The elasmoid scales of teleosts: from structure to bioinspired materials

Zylberberg L.

Published date: March 2018
Volume: 42
Number: 1
Pagination: 007-017
Notes:

Louise Zylberberg, louise.zylberberg@upmc.fr
Institut des Sciences de la Terre de Paris, CNRS UMR 7143 Sorbonne-Université, Université Pierre et Marie Curie, 4 place Jussieu, BC 19, 75005 Paris, France

Abstract

The elasmoid scales of teleosts, remarkable by the diversity of their aspect and ornamentation, nevertheless present a similar structural organization. Each scale is composed of three superimposed layers. At the outer surface, the limiting layer, which may be absent in the anterior field, is the most mineralized of the three layers; it consists of a random meshwork of acidic glycoproteins. Collagen fibrils are the main component of the other two layers. The external layer is made up of thin collagen fibrils (30 nm in diameter) organized into a loose meshwork. This layer is the first to be formed and to be mineralized. Apatitic crystals are not coaligned with the thin collagen fibrils. The most extended part of the scale is the basal plate made up of thick collagen fibrils (about 100 nm in diameter), which are organized into a plywood-like structure. Apatitic crystals appear to be oriented in parallel to the direction of elongation of the fibrils, but they do not penetrate deeply within the fibrils. Most of the crystals are located in the interfibrillary matrix. Knowledge of the elasmoid scale structure may enable pathways to design bioinspired materials for various applications. Elasmoid scales are considered as a source of inspiration for biomimetic composites that would provide resistance, flexibility and lightweight. Because of their transparency and their composition in type I collagen, elasmoid scales are considered as a biomaterial useful for the repair of bone and cornea.

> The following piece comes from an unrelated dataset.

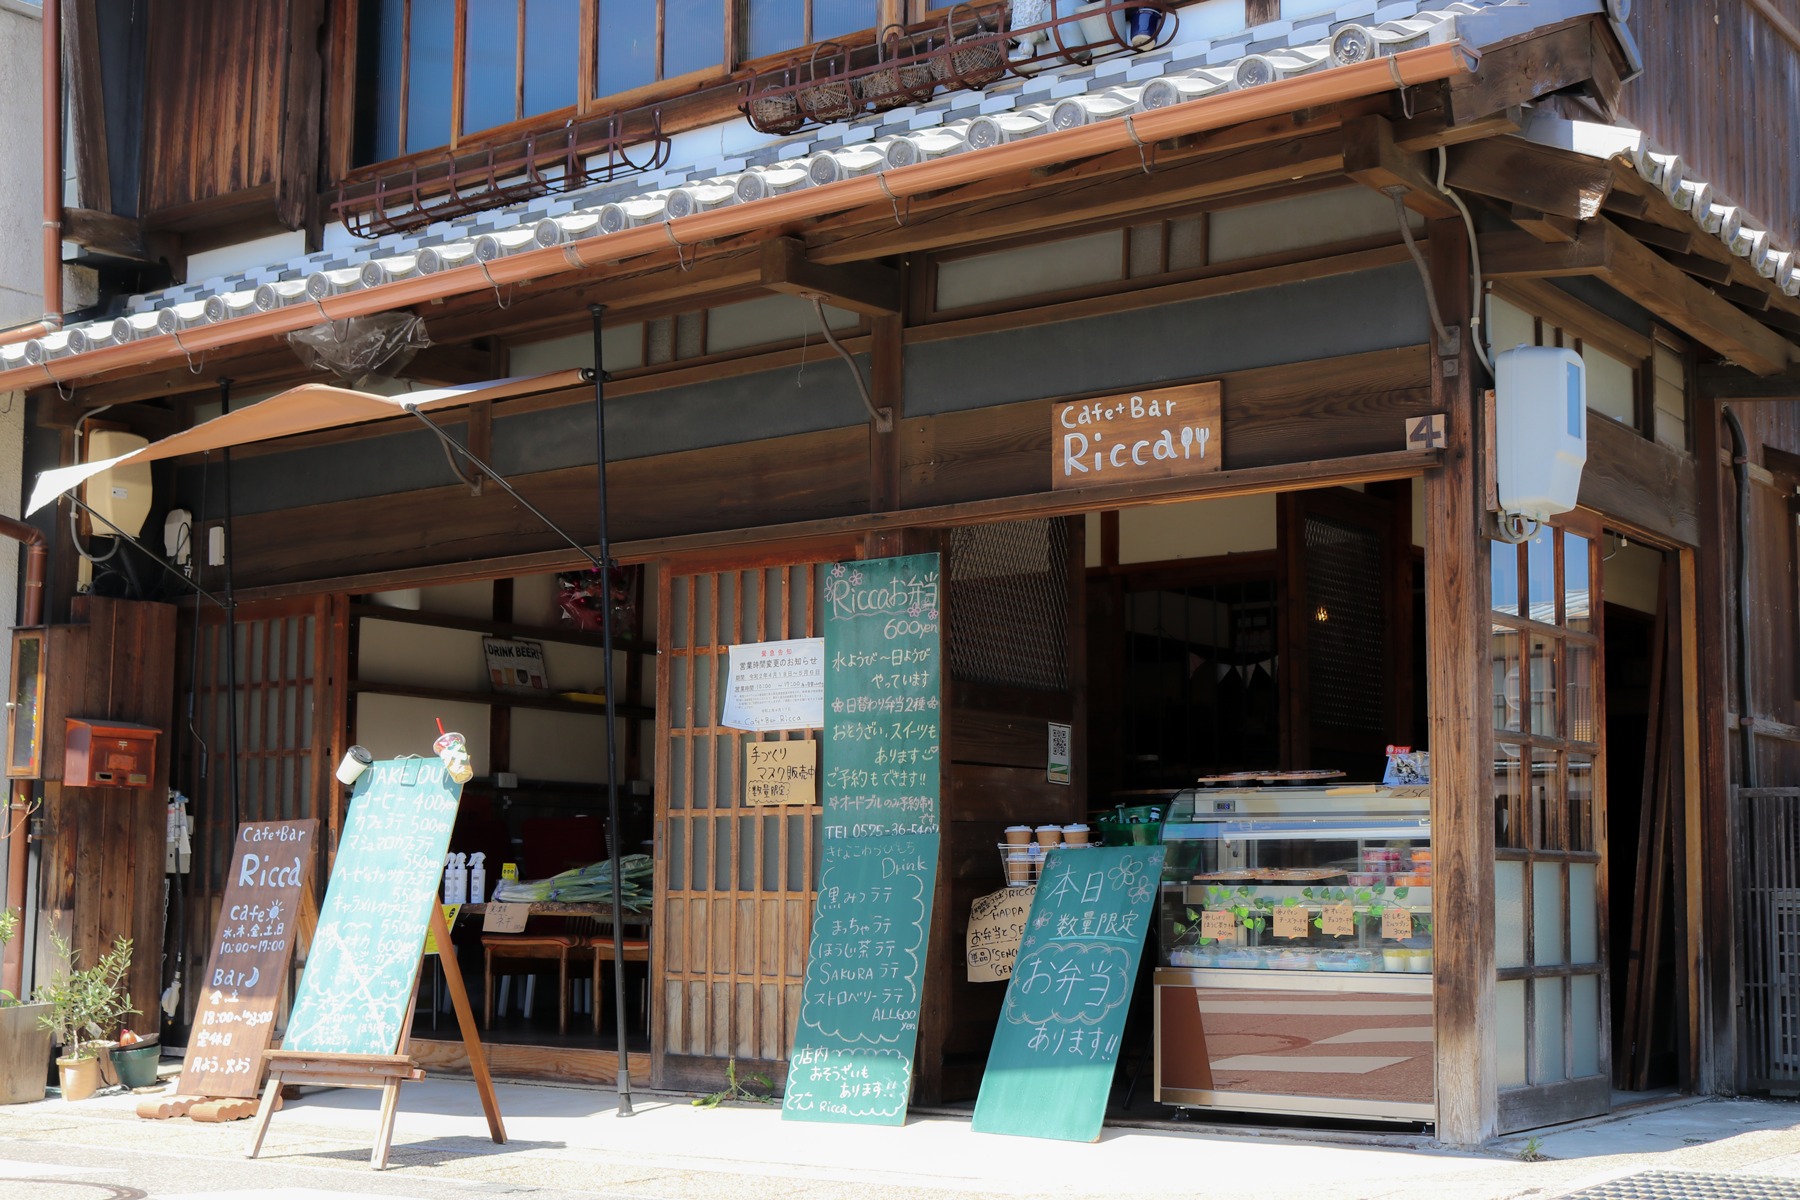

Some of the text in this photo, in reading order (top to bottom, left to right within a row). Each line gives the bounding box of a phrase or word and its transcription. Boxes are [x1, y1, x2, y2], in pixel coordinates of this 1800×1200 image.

Keywords: Bioinspired materials - Elasmoid scales - Mineralization - Structure - Teleosts
French abstract

Les écailles élasmoïdes des téléostéens : leur structure, un modèle pour des matériaux bioinspirés

Les écailles élasmoïdes des téléostéens dont la diversité de formes et d’ornementations superficielles sont remarquables, présentent néanmoins une structure similaire. Chaque écaille est composée de trois couches superposées. La couche la plus superficielle est la couche limitante qui peut être absente dans la partie antérieure de l’écaille. C’est la couche la plus minéralisée des trois couches, elle est formée d’un réseau de fines fibrilles où ont été identifiées des glycoprotéines acides. Les fibrilles de collagène sont le constituant essentiel des deux autres couches. La couche externe est une couche continue formée d’un enchevêtrement de fines fibrilles de collagène (diamètre 30 nm). Cette couche est la première formée, elle est aussi la première à être minéralisée. Les cristaux d’apatite ne sont pas alignés le long des fibrilles de collagène. La plaque basale représente la partie la plus importante d’une écaille élasmoïde. Elle est constituée de fibrilles de collagène de plus fort calibre (100 nm) que dans la couche externe. Les fibrilles de collagène sont disposées en strates superposées où elles sont parallèles les unes aux autres et leur orientation varie d’une strate à la suivante. Elles forment un contreplaqué biologique. Les cristaux d’apatite ont leur grand axe parallèle à celui des fibrilles de collagène auxquelles ils sont accolés. Ils forment un manchon autour des fibrilles et ne pénètrent que très peu à l’intérieur des fibrilles. La plupart des cristaux sont dans la matrice extrafibrillaire. Les acquis concernant la structure des écailles élasmoïdes sont à l’origine de recherches menant à la création de matériaux bioinspirés aux applications variées. Les écailles élasmoïdes sont considérées comme une source d’inspiration pour élaborer des composés biomimétiques qui auraient à la fois résistance, flexibilité et légèreté qui sont l’apanage des écailles élasmoïdes. Grâce à leur richesse en collagène de type I dont l’organisation leur confère une transparence les écailles se sont révélées comme un biomatériau pouvant être utile pour réparer le tissu osseux et la cornée.